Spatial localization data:
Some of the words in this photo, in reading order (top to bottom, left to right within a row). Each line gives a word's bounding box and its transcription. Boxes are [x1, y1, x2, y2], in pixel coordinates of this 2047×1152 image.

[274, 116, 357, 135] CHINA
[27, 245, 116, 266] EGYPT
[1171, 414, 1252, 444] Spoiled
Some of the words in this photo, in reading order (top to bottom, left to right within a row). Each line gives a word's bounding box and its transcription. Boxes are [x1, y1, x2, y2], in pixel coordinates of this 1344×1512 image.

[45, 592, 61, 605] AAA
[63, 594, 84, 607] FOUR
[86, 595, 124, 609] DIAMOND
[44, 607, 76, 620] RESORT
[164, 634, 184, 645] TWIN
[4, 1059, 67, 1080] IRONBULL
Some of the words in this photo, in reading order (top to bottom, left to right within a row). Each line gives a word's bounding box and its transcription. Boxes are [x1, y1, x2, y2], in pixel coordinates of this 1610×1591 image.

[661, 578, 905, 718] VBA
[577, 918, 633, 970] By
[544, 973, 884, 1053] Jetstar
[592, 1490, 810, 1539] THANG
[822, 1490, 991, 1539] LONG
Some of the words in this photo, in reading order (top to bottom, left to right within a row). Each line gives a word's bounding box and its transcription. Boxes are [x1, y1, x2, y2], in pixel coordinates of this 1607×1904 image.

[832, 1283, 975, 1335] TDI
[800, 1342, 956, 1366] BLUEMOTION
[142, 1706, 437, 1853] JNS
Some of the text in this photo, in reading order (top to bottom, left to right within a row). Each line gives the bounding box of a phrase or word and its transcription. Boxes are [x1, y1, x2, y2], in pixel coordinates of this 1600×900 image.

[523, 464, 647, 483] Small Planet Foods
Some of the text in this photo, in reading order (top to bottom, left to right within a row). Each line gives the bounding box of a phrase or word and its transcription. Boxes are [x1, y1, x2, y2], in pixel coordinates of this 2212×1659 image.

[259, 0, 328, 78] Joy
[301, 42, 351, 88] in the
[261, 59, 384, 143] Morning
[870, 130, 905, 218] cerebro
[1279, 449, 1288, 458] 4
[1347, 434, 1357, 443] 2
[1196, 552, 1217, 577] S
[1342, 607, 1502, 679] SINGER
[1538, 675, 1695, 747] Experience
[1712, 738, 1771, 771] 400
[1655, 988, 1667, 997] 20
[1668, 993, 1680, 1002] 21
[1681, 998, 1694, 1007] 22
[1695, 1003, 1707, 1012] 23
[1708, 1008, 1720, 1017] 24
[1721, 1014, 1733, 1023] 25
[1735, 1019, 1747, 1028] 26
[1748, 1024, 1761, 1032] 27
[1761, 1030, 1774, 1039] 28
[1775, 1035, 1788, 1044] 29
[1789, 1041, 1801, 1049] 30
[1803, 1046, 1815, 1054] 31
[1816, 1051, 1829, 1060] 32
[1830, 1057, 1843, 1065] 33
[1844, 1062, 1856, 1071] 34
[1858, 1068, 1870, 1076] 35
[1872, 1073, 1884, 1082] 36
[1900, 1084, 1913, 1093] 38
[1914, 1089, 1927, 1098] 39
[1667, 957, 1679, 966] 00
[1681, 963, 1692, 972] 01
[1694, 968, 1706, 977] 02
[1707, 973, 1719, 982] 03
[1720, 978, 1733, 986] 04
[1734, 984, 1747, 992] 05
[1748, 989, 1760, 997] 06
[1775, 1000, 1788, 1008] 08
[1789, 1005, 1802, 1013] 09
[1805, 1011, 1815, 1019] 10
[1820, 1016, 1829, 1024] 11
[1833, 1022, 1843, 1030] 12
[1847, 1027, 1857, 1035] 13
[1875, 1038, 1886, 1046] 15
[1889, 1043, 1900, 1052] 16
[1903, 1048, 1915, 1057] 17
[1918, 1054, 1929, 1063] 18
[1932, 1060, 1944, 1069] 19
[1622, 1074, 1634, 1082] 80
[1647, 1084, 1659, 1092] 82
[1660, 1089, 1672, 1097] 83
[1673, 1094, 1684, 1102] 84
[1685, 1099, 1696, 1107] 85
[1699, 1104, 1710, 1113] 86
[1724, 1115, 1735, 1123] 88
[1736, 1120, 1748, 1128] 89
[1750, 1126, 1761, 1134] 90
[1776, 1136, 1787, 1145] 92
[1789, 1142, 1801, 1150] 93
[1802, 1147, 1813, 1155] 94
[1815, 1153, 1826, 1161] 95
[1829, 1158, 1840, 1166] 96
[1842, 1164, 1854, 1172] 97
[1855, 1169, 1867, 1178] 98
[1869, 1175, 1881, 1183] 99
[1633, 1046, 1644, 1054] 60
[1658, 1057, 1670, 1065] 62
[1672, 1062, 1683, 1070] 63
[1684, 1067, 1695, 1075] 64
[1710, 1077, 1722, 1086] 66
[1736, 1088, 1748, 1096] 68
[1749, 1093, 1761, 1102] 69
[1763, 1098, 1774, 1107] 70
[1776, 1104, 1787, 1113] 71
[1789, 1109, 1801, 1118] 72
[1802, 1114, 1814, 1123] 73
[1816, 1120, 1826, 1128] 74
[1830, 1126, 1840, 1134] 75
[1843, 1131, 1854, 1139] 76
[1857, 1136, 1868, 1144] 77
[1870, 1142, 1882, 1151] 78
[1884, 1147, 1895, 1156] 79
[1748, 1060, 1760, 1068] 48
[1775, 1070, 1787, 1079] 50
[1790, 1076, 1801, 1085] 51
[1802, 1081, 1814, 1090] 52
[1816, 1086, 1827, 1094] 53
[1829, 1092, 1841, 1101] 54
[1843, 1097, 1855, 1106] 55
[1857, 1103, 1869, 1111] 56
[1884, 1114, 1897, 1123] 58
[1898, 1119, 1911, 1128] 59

▶ REQUIRED WORK:
The records above are to be given again in full, word for word.

▶ YOUR SOLUTION:
Some of the words in this photo, in reading order (top to bottom, left to right within a row). Each line gives a word's bounding box and its transcription. Boxes are [x1, y1, x2, y2], in pixel coordinates of this 2047×1152 image.

[274, 116, 357, 135] CHINA
[27, 245, 116, 266] EGYPT
[1171, 414, 1252, 444] Spoiled
Some of the words in this photo, in reading order (top to bottom, left to right within a row). Each line gives a word's bounding box and its transcription. Boxes are [x1, y1, x2, y2], in pixel coordinates of this 1344×1512 image.

[45, 592, 61, 605] AAA
[63, 594, 84, 607] FOUR
[86, 595, 124, 609] DIAMOND
[44, 607, 76, 620] RESORT
[164, 634, 184, 645] TWIN
[4, 1059, 67, 1080] IRONBULL
Some of the words in this photo, in reading order (top to bottom, left to right within a row). Each line gives a word's bounding box and its transcription. Boxes are [x1, y1, x2, y2], in pixel coordinates of this 1610×1591 image.

[661, 578, 905, 718] VBA
[577, 918, 633, 970] By
[544, 973, 884, 1053] Jetstar
[592, 1490, 810, 1539] THANG
[822, 1490, 991, 1539] LONG
Some of the words in this photo, in reading order (top to bottom, left to right within a row). Each line gives a word's bounding box and its transcription. Boxes are [x1, y1, x2, y2], in pixel coordinates of this 1607×1904 image.

[832, 1283, 975, 1335] TDI
[800, 1342, 956, 1366] BLUEMOTION
[142, 1706, 437, 1853] JNS
Some of the text in this photo, in reading order (top to bottom, left to right within a row). Each line gives the bounding box of a phrase or word and its transcription. Boxes are [x1, y1, x2, y2], in pixel coordinates of this 1600×900 image.

[523, 464, 647, 483] Small Planet Foods
Some of the text in this photo, in reading order (top to bottom, left to right within a row). Each line gives the bounding box of a phrase or word and its transcription. Boxes are [x1, y1, x2, y2], in pixel coordinates of this 2212×1659 image.

[259, 0, 328, 78] Joy
[301, 42, 351, 88] in the
[261, 59, 384, 143] Morning
[870, 130, 905, 218] cerebro
[1279, 449, 1288, 458] 4
[1347, 434, 1357, 443] 2
[1196, 552, 1217, 577] S
[1342, 607, 1502, 679] SINGER
[1538, 675, 1695, 747] Experience
[1712, 738, 1771, 771] 400
[1655, 988, 1667, 997] 20
[1668, 993, 1680, 1002] 21
[1681, 998, 1694, 1007] 22
[1695, 1003, 1707, 1012] 23
[1708, 1008, 1720, 1017] 24
[1721, 1014, 1733, 1023] 25
[1735, 1019, 1747, 1028] 26
[1748, 1024, 1761, 1032] 27
[1761, 1030, 1774, 1039] 28
[1775, 1035, 1788, 1044] 29
[1789, 1041, 1801, 1049] 30
[1803, 1046, 1815, 1054] 31
[1816, 1051, 1829, 1060] 32
[1830, 1057, 1843, 1065] 33
[1844, 1062, 1856, 1071] 34
[1858, 1068, 1870, 1076] 35
[1872, 1073, 1884, 1082] 36
[1900, 1084, 1913, 1093] 38
[1914, 1089, 1927, 1098] 39
[1667, 957, 1679, 966] 00
[1681, 963, 1692, 972] 01
[1694, 968, 1706, 977] 02
[1707, 973, 1719, 982] 03
[1720, 978, 1733, 986] 04
[1734, 984, 1747, 992] 05
[1748, 989, 1760, 997] 06
[1775, 1000, 1788, 1008] 08
[1789, 1005, 1802, 1013] 09
[1805, 1011, 1815, 1019] 10
[1820, 1016, 1829, 1024] 11
[1833, 1022, 1843, 1030] 12
[1847, 1027, 1857, 1035] 13
[1875, 1038, 1886, 1046] 15
[1889, 1043, 1900, 1052] 16
[1903, 1048, 1915, 1057] 17
[1918, 1054, 1929, 1063] 18
[1932, 1060, 1944, 1069] 19
[1622, 1074, 1634, 1082] 80
[1647, 1084, 1659, 1092] 82
[1660, 1089, 1672, 1097] 83
[1673, 1094, 1684, 1102] 84
[1685, 1099, 1696, 1107] 85
[1699, 1104, 1710, 1113] 86
[1724, 1115, 1735, 1123] 88
[1736, 1120, 1748, 1128] 89
[1750, 1126, 1761, 1134] 90
[1776, 1136, 1787, 1145] 92
[1789, 1142, 1801, 1150] 93
[1802, 1147, 1813, 1155] 94
[1815, 1153, 1826, 1161] 95
[1829, 1158, 1840, 1166] 96
[1842, 1164, 1854, 1172] 97
[1855, 1169, 1867, 1178] 98
[1869, 1175, 1881, 1183] 99
[1633, 1046, 1644, 1054] 60
[1658, 1057, 1670, 1065] 62
[1672, 1062, 1683, 1070] 63
[1684, 1067, 1695, 1075] 64
[1710, 1077, 1722, 1086] 66
[1736, 1088, 1748, 1096] 68
[1749, 1093, 1761, 1102] 69
[1763, 1098, 1774, 1107] 70
[1776, 1104, 1787, 1113] 71
[1789, 1109, 1801, 1118] 72
[1802, 1114, 1814, 1123] 73
[1816, 1120, 1826, 1128] 74
[1830, 1126, 1840, 1134] 75
[1843, 1131, 1854, 1139] 76
[1857, 1136, 1868, 1144] 77
[1870, 1142, 1882, 1151] 78
[1884, 1147, 1895, 1156] 79
[1748, 1060, 1760, 1068] 48
[1775, 1070, 1787, 1079] 50
[1790, 1076, 1801, 1085] 51
[1802, 1081, 1814, 1090] 52
[1816, 1086, 1827, 1094] 53
[1829, 1092, 1841, 1101] 54
[1843, 1097, 1855, 1106] 55
[1857, 1103, 1869, 1111] 56
[1884, 1114, 1897, 1123] 58
[1898, 1119, 1911, 1128] 59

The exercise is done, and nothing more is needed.